▶ [What the exercise asks]: All of the data below should be repeated exactly. Pictures should not be included.

[[ Recorded information open ]]

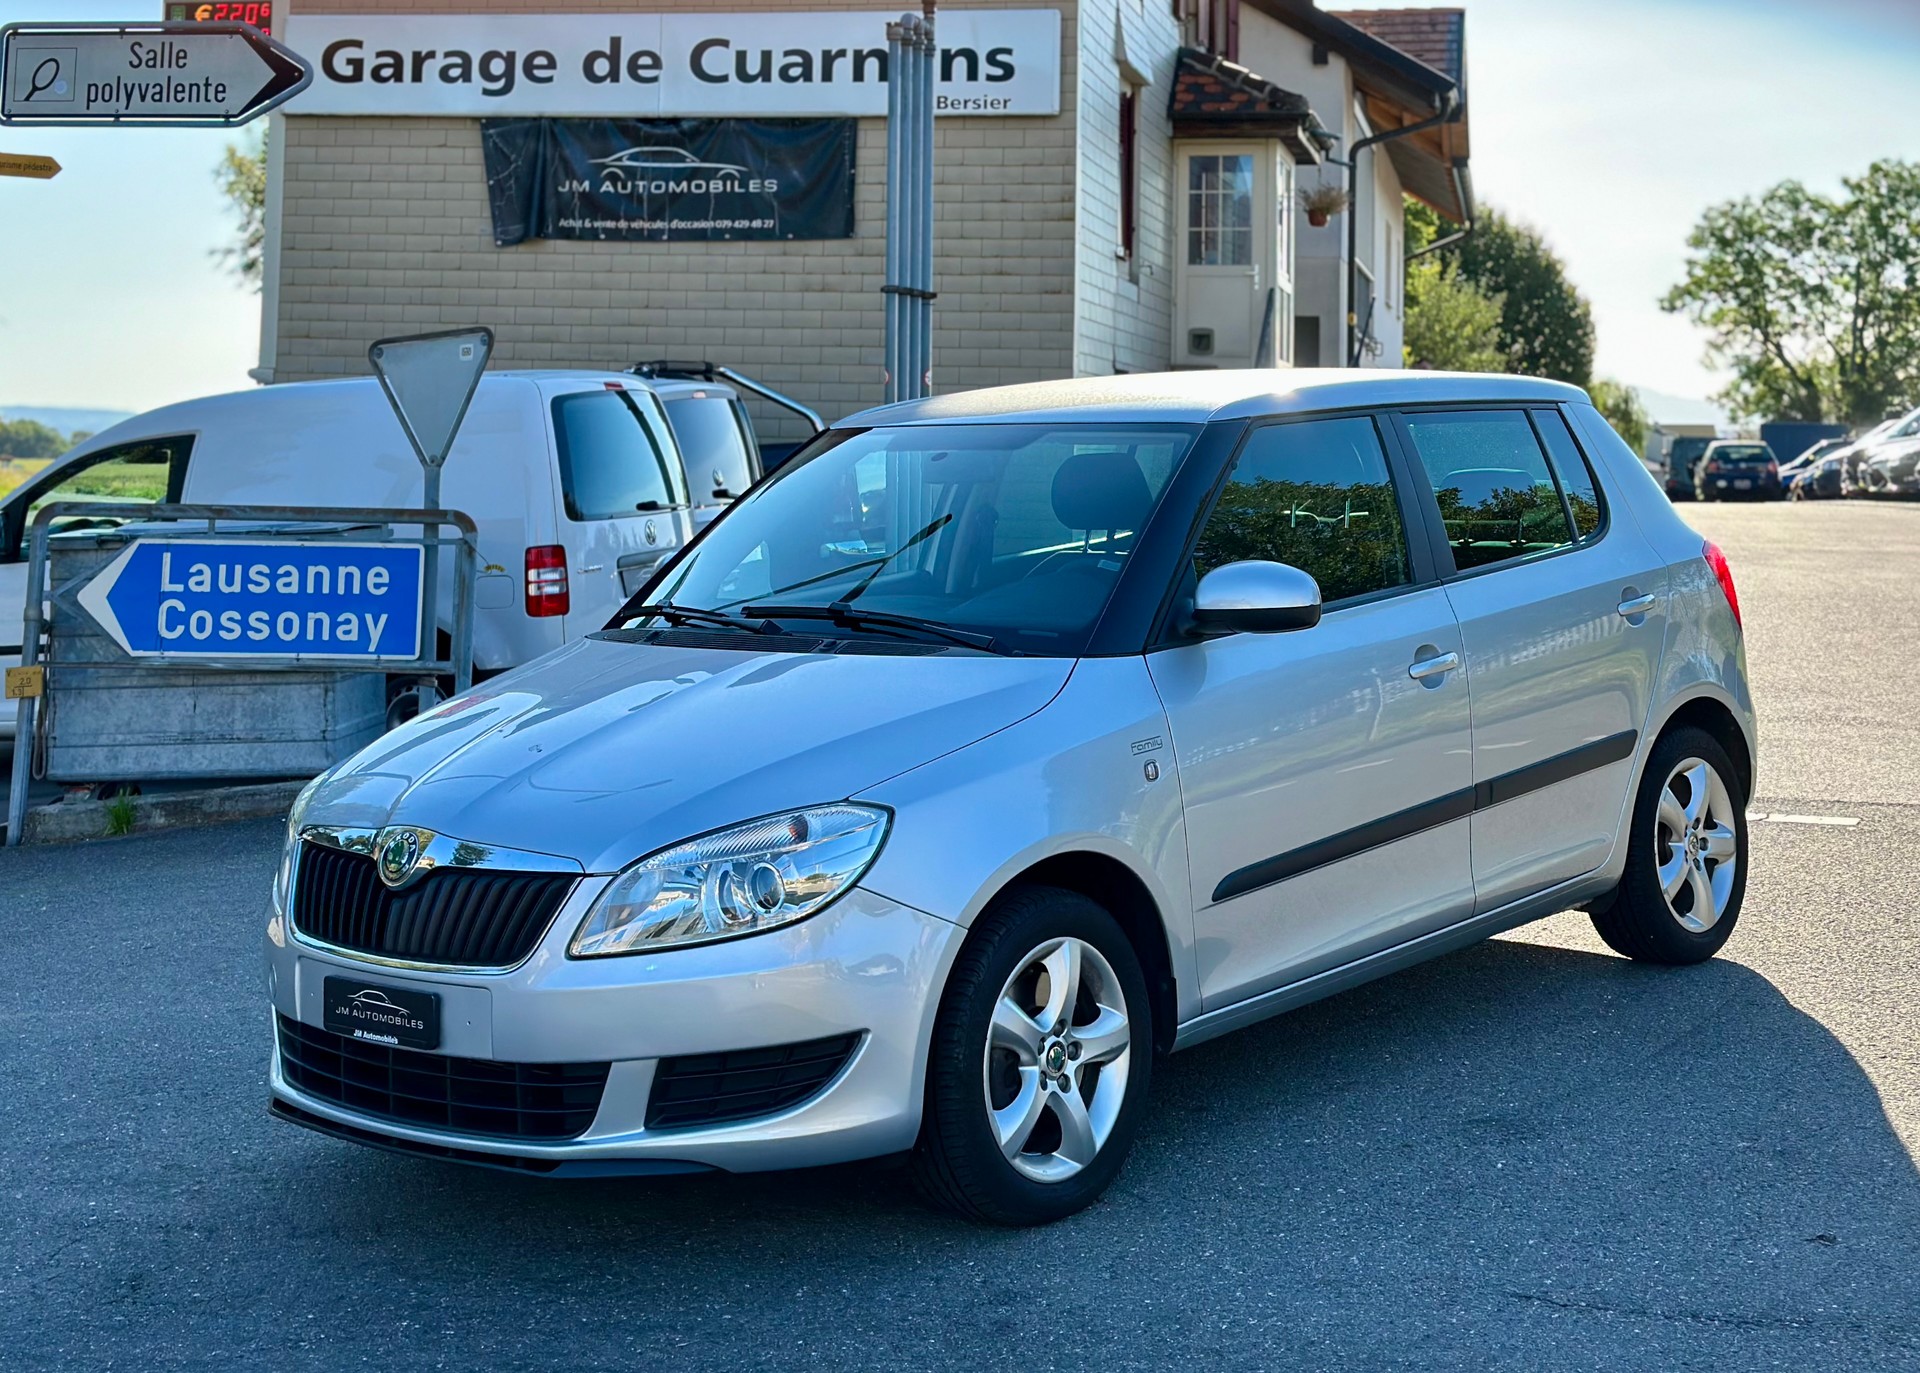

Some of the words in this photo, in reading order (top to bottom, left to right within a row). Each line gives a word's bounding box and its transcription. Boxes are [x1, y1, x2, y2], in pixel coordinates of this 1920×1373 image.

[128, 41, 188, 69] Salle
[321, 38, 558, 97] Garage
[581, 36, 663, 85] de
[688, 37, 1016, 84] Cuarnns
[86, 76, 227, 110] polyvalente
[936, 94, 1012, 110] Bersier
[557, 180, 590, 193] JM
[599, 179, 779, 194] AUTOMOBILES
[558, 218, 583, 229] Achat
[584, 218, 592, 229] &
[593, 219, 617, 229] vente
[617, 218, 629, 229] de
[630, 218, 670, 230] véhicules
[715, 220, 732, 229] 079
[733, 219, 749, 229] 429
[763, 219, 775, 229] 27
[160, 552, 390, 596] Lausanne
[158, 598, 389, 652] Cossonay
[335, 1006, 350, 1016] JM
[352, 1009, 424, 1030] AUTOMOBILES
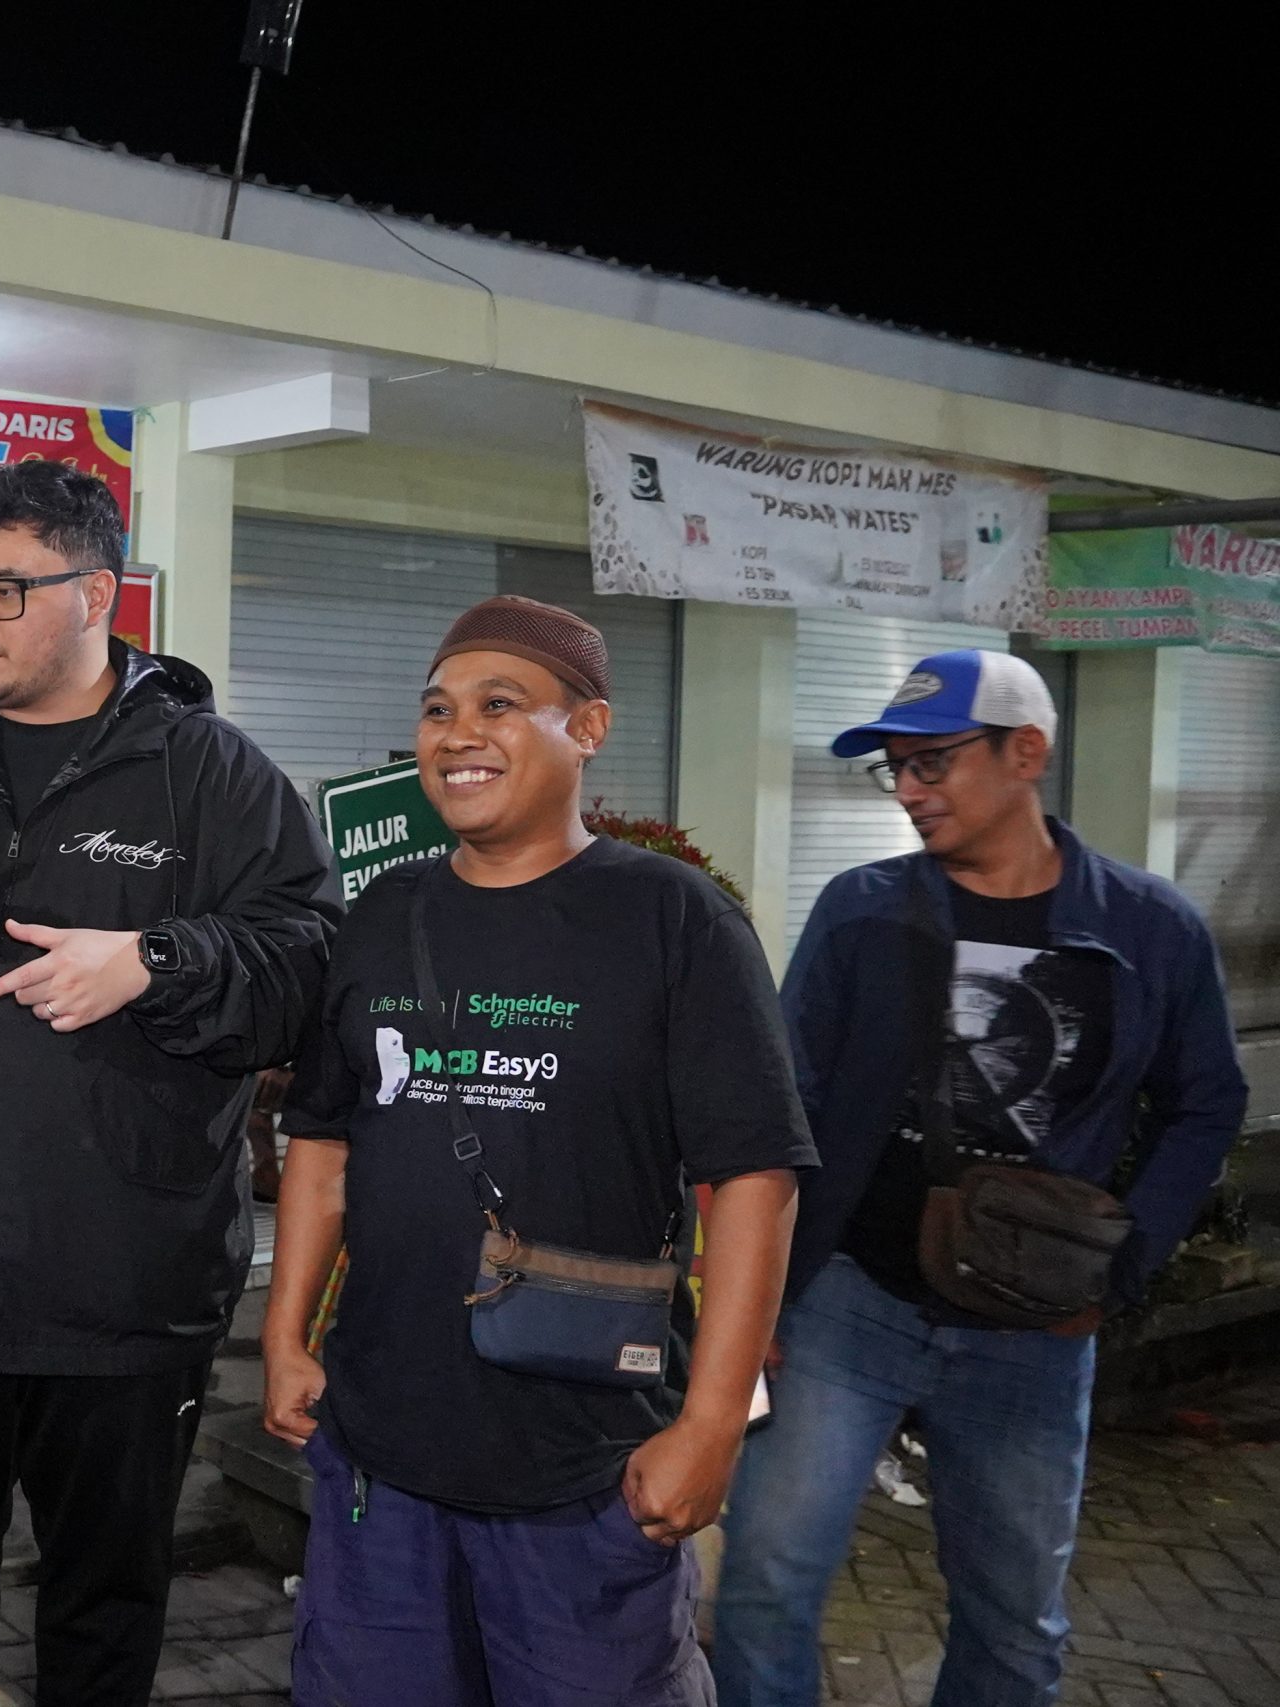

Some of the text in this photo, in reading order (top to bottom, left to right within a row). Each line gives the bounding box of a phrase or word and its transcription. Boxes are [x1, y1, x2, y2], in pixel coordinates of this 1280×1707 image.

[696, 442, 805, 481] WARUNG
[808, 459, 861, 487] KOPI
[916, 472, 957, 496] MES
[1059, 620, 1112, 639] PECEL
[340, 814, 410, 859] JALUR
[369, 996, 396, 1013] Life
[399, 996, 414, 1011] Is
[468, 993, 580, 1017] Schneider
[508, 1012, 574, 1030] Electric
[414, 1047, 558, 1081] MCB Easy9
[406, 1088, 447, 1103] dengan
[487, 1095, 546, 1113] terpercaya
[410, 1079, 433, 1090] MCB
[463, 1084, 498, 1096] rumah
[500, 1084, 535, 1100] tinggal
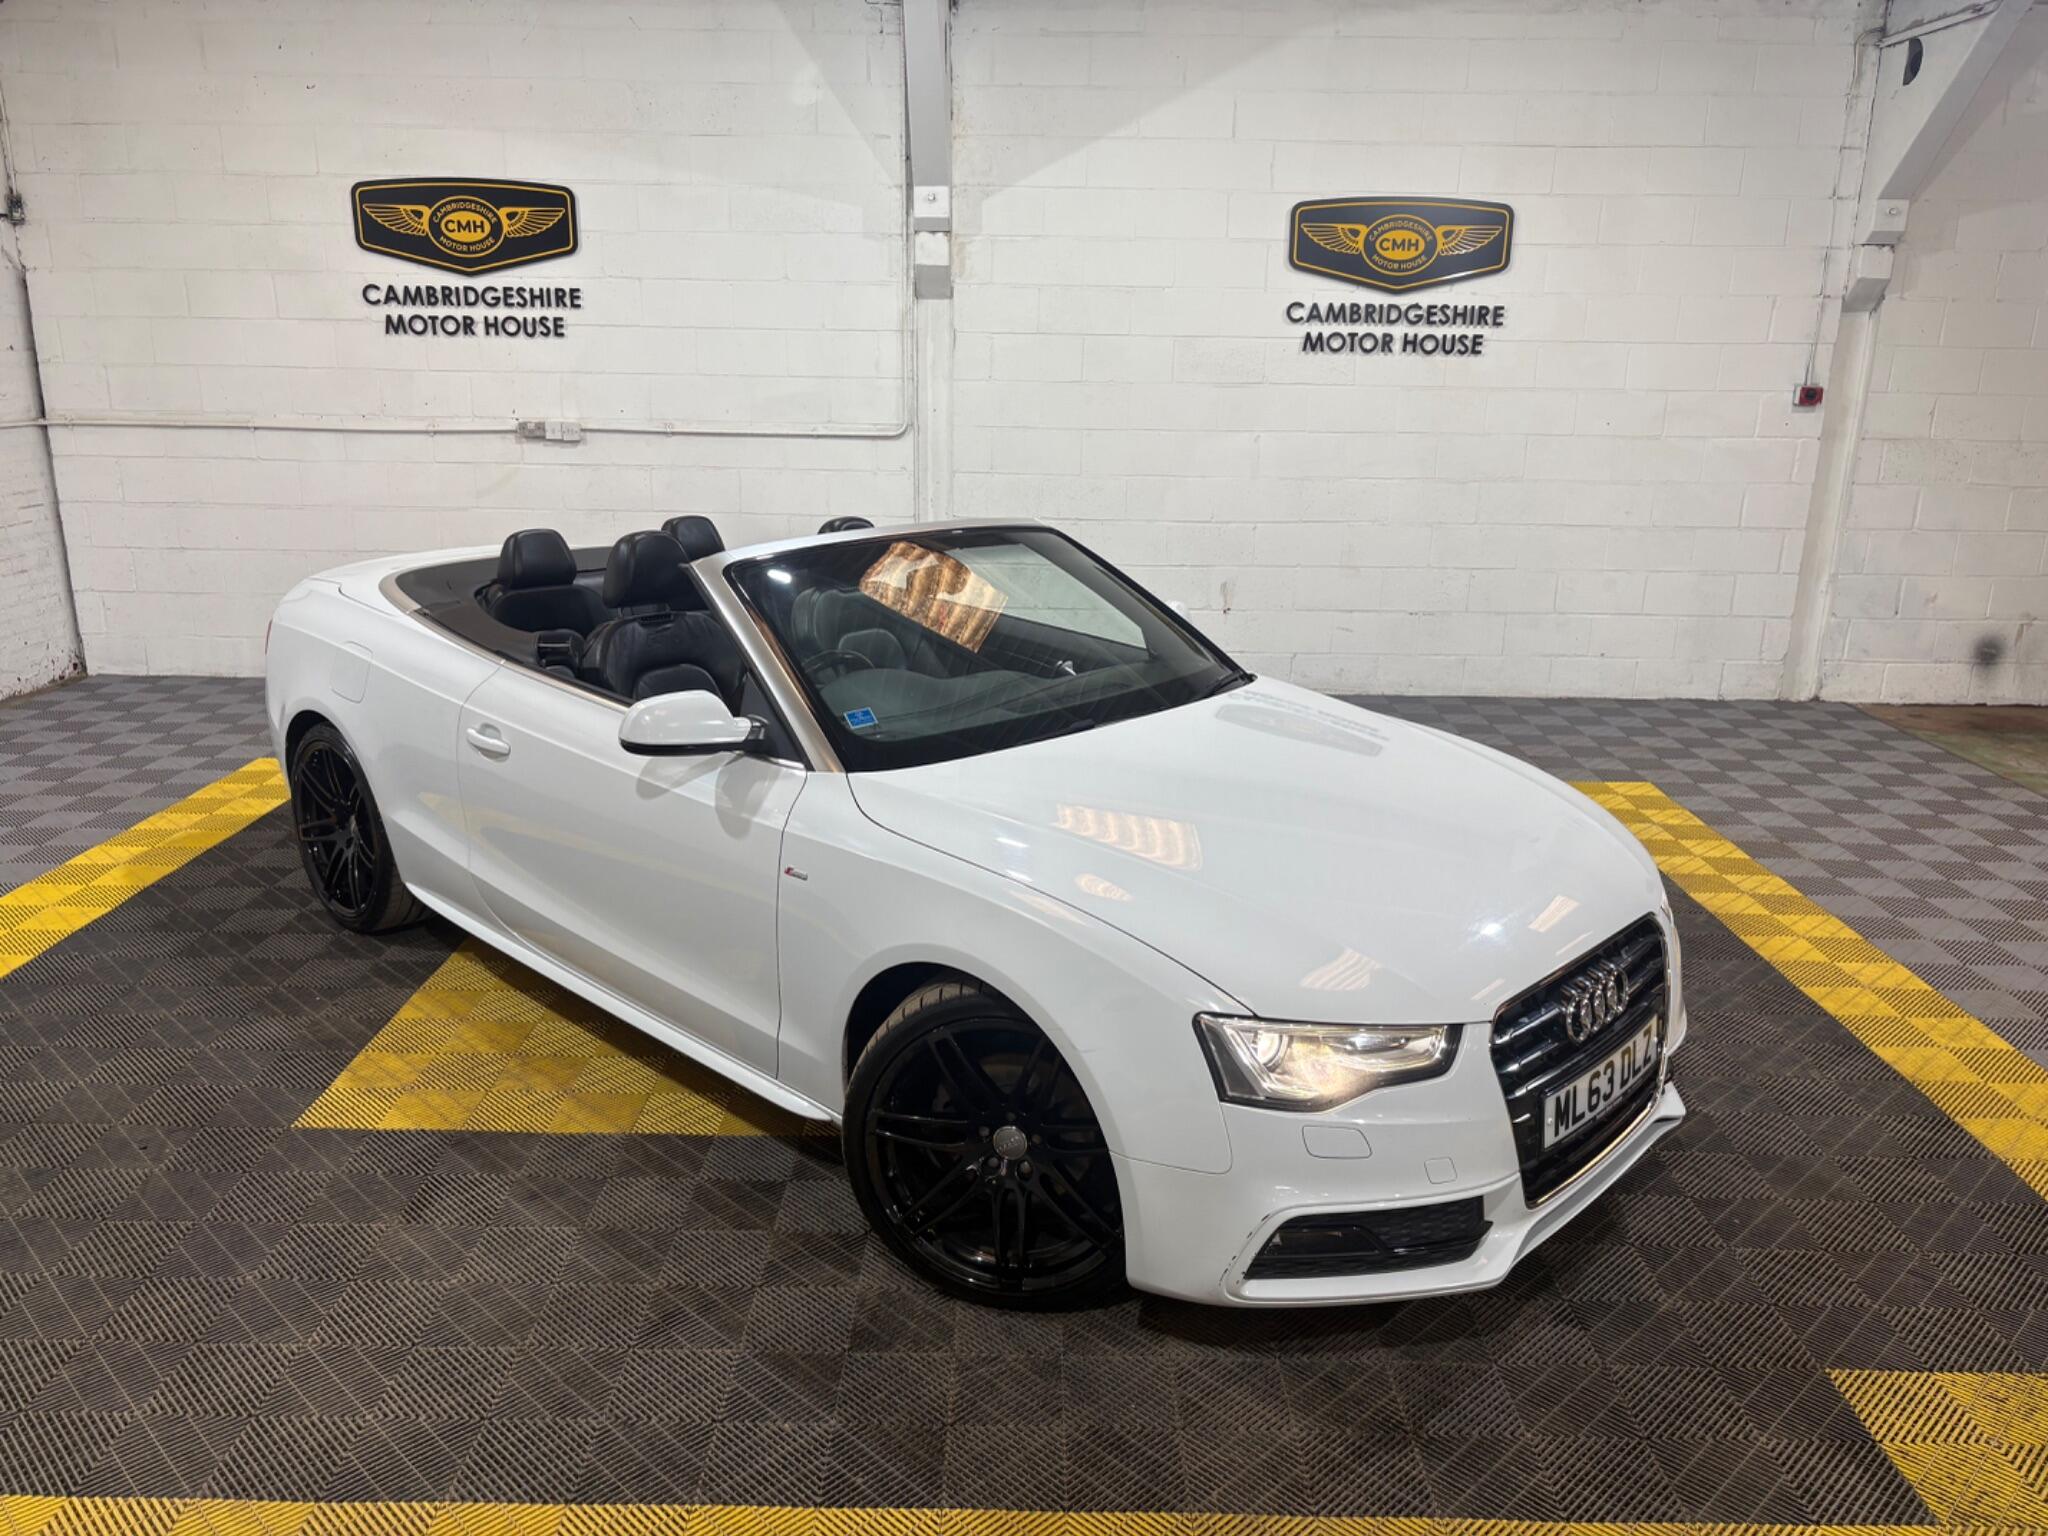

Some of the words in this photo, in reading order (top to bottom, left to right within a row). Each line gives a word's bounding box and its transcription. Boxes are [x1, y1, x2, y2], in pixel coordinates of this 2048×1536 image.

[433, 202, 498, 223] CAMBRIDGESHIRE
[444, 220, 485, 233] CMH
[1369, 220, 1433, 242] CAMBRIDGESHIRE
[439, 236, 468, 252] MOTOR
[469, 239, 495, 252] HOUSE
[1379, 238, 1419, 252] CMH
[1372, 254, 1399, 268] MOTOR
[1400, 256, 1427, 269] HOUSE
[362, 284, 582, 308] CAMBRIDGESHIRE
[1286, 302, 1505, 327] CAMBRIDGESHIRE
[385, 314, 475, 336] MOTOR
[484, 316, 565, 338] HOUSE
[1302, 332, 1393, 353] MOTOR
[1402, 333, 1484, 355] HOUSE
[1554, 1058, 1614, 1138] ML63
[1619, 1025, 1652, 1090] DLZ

[[ Recorded information closed ]]

▶ [Solution below]:
Some of the words in this photo, in reading order (top to bottom, left to right within a row). Each line gives a word's bounding box and its transcription. Boxes are [x1, y1, x2, y2], in pixel coordinates of this 1920×1373 image.

[128, 41, 188, 69] Salle
[321, 38, 558, 97] Garage
[581, 36, 663, 85] de
[688, 37, 1016, 84] Cuarnns
[86, 76, 227, 110] polyvalente
[936, 94, 1012, 110] Bersier
[557, 180, 590, 193] JM
[599, 179, 779, 194] AUTOMOBILES
[558, 218, 583, 229] Achat
[584, 218, 592, 229] &
[593, 219, 617, 229] vente
[617, 218, 629, 229] de
[630, 218, 670, 230] véhicules
[715, 220, 732, 229] 079
[733, 219, 749, 229] 429
[763, 219, 775, 229] 27
[160, 552, 390, 596] Lausanne
[158, 598, 389, 652] Cossonay
[335, 1006, 350, 1016] JM
[352, 1009, 424, 1030] AUTOMOBILES

Some of the text in this photo, in reading order (top to bottom, left to right within a row). Each line gives the bounding box of a phrase or word and its transcription. Boxes are [x1, y1, x2, y2], in pixel coordinates of this 1280×1707 image.

[696, 442, 805, 481] WARUNG
[808, 459, 861, 487] KOPI
[916, 472, 957, 496] MES
[1059, 620, 1112, 639] PECEL
[340, 814, 410, 859] JALUR
[369, 996, 396, 1013] Life
[399, 996, 414, 1011] Is
[468, 993, 580, 1017] Schneider
[508, 1012, 574, 1030] Electric
[414, 1047, 558, 1081] MCB Easy9
[406, 1088, 447, 1103] dengan
[487, 1095, 546, 1113] terpercaya
[410, 1079, 433, 1090] MCB
[463, 1084, 498, 1096] rumah
[500, 1084, 535, 1100] tinggal

Some of the words in this photo, in reading order (top to bottom, left to right within a row). Each line gives a word's bounding box and its transcription. Boxes are [x1, y1, x2, y2], in pixel coordinates of this 2048×1536 image.

[433, 202, 498, 223] CAMBRIDGESHIRE
[444, 220, 485, 233] CMH
[1369, 220, 1433, 242] CAMBRIDGESHIRE
[439, 236, 468, 252] MOTOR
[469, 239, 495, 252] HOUSE
[1379, 238, 1419, 252] CMH
[1372, 254, 1399, 268] MOTOR
[1400, 256, 1427, 269] HOUSE
[362, 284, 582, 308] CAMBRIDGESHIRE
[1286, 302, 1505, 327] CAMBRIDGESHIRE
[385, 314, 475, 336] MOTOR
[484, 316, 565, 338] HOUSE
[1302, 332, 1393, 353] MOTOR
[1402, 333, 1484, 355] HOUSE
[1554, 1058, 1614, 1138] ML63
[1619, 1025, 1652, 1090] DLZ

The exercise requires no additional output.